The problem is accentuated by the fact that the choice of the todorovian corpus is aberrant. Present are the French writers situated chronologically between Cazotte and Maupassant (Balzac, Gautier, Mérimée, Villiers de l'Isle-Adam, etc.), the Germans Arnim and Hoffmann, the Americans Poe, Bierce and James, but, paradoxically, since the definition of Todorov is in reality British and even Victorian, not a single British writer, apart from the naturalized Henry James. Not one Victorian (where is Dickens, Collins, Stevenson, Doyle, Kipling, Stoker ?), not one Edwardian (where is Machen, Blackwood, de la Mare, Hodgson, Dunsany ?). Not one single Belgian (Ray, Owen, Ghelderode ?), no modern Americans (Merritt, Lovecraft, Clark Ashton Smith ?). In addition, the well known 18th century tendencies of Todorov impel him to introduce the gothic novel into his corpus (The Manuscript found in Saragossa, The Monk) and the Arabian Nights, with which he subsequently does not know what to do. --translated from Harry Morgan's French http://www.sdv.fr/pages/adamantine/todorov.htm [Jun 2006]

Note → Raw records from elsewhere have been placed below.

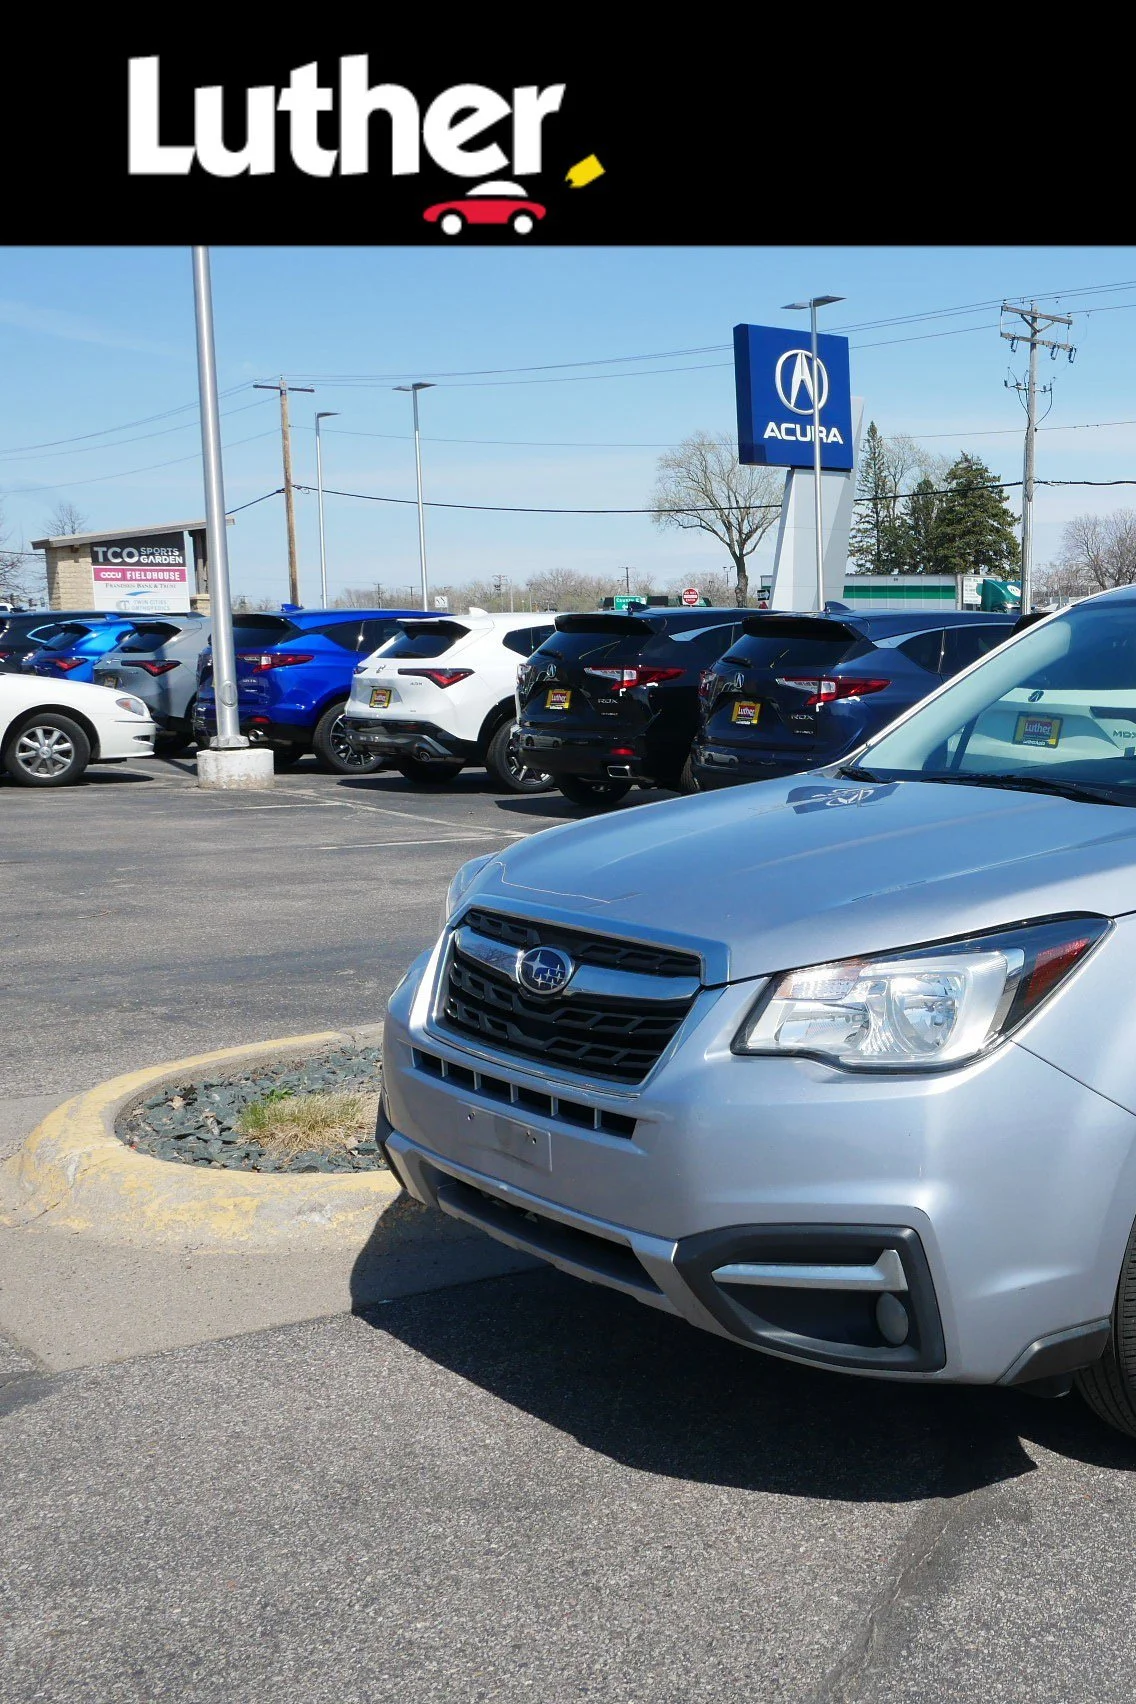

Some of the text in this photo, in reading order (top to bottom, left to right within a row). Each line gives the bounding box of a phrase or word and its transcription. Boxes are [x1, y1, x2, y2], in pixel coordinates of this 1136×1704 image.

[763, 421, 843, 444] ACURA
[93, 546, 139, 564] TCO
[140, 547, 180, 556] SPORTS
[140, 556, 184, 564] GARDEN
[126, 571, 181, 580] FIELDHOUSE
[1025, 722, 1052, 734] Luther
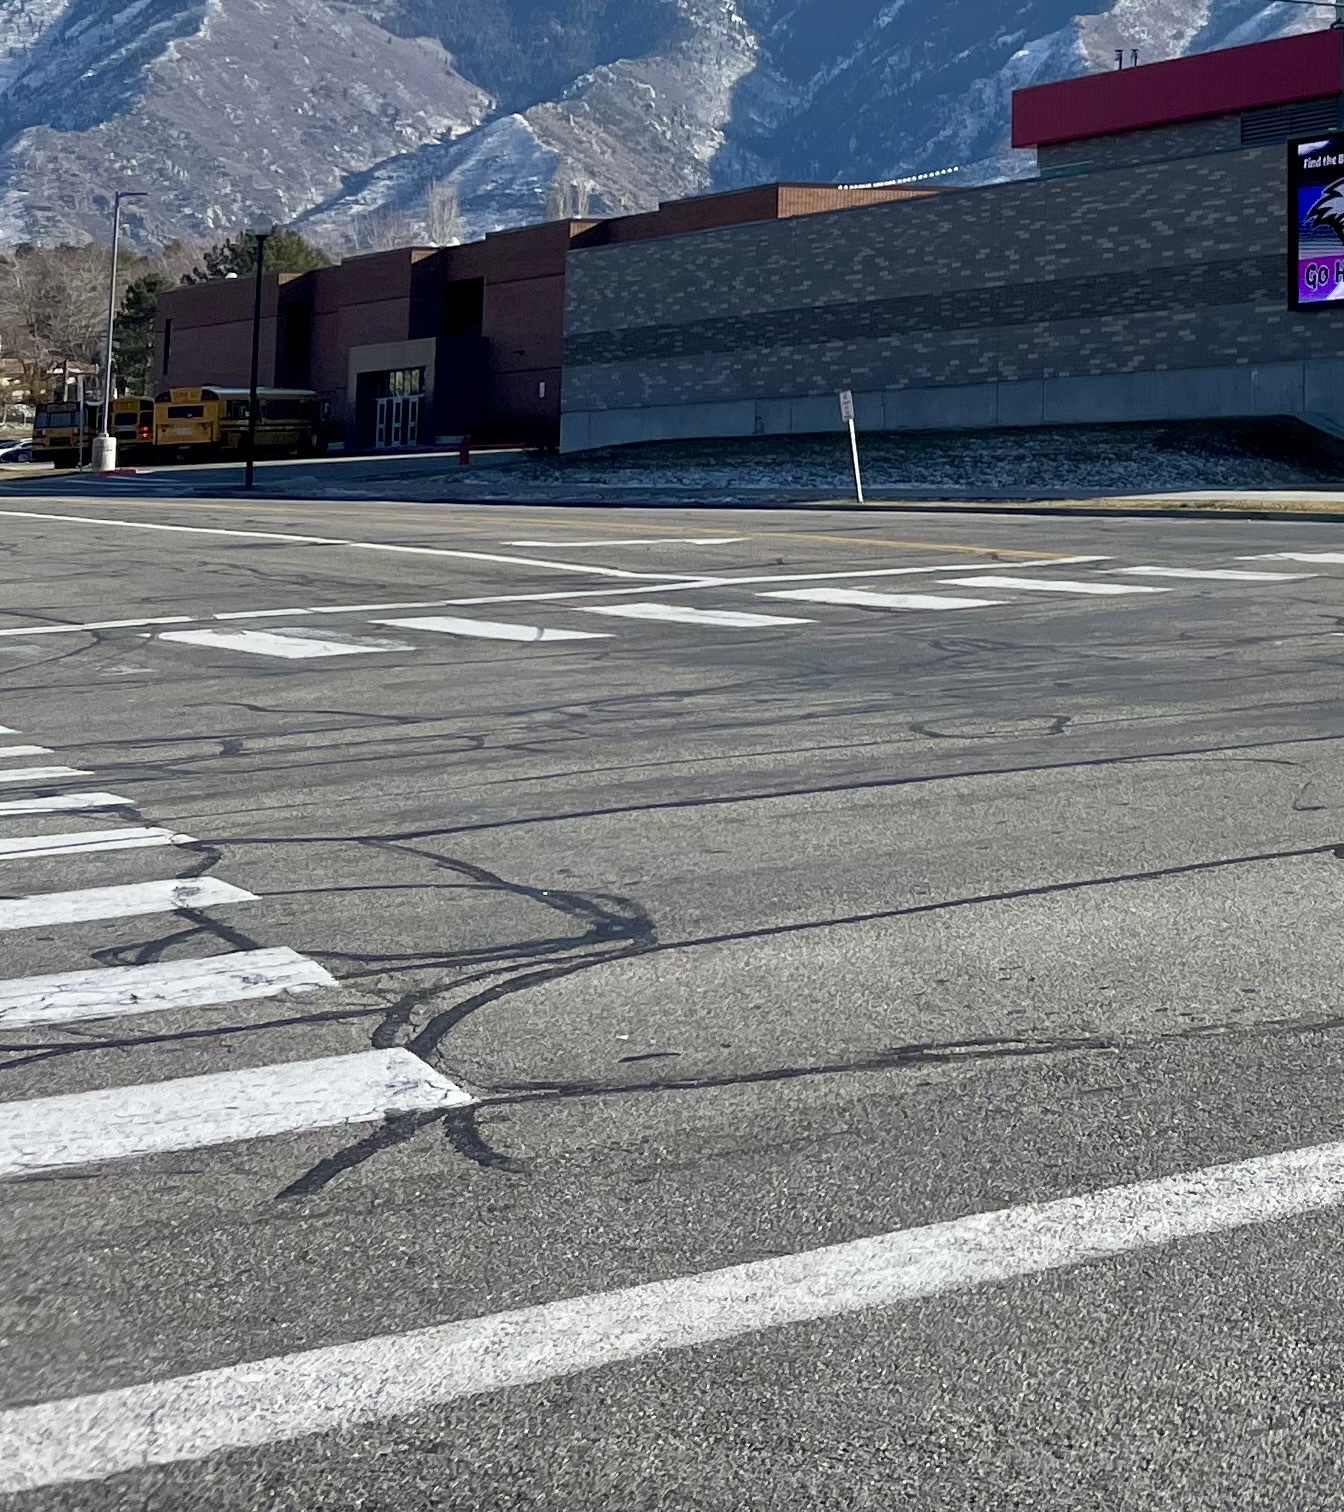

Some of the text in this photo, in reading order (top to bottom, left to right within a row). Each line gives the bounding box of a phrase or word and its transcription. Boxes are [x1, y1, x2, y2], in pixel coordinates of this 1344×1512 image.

Since structuralism in literary studies is largely of French origin, this attempt to ruin its reputation takes as its motto the words of a Frenchman, Pierre Bertaux: "At one time it was hoped that the beginnings of a formalization of the humanities analogous [to that of the sciences] could be expected from structuralism. Unfortunately, it appears today that precisely the loudest advocates of structuralism have let it degenerate into a mythology—and not even a useful one." I fully agree with this verdict. However, inasmuch as it is difficult to expose in a single article the barrenness of a whole school of thought—one moreover which has spawned divergent tendencies, since every author has his own "vision" of the subject—I will limit myself to dissecting Tzvetan Todorov’s book The Fantastic. The author begins by deriding the investigator who would, before proceeding to description of a genre, engage in endless reading of actual works. Todorov’s "sample" of works discussed, as displayed in his bibliography, is astonishing. Among its twenty-seven titles we find no Borges, no Verne, no Wells, nothing from modern fantasy: all of SF is represented by two short stories. We get, instead, E.T.A. Hoffman, Potocki, Balzac, Poe, Gogol, Kafka—and that is about all. What this structural account proclaims to us as the bounds of the fantastic is really quite an antique piece of furniture: the bed of Procrustes. --Stanislaw Lem via http://www.depauw.edu/sfs/backissues/4/lem4art.htm [Jan 2007]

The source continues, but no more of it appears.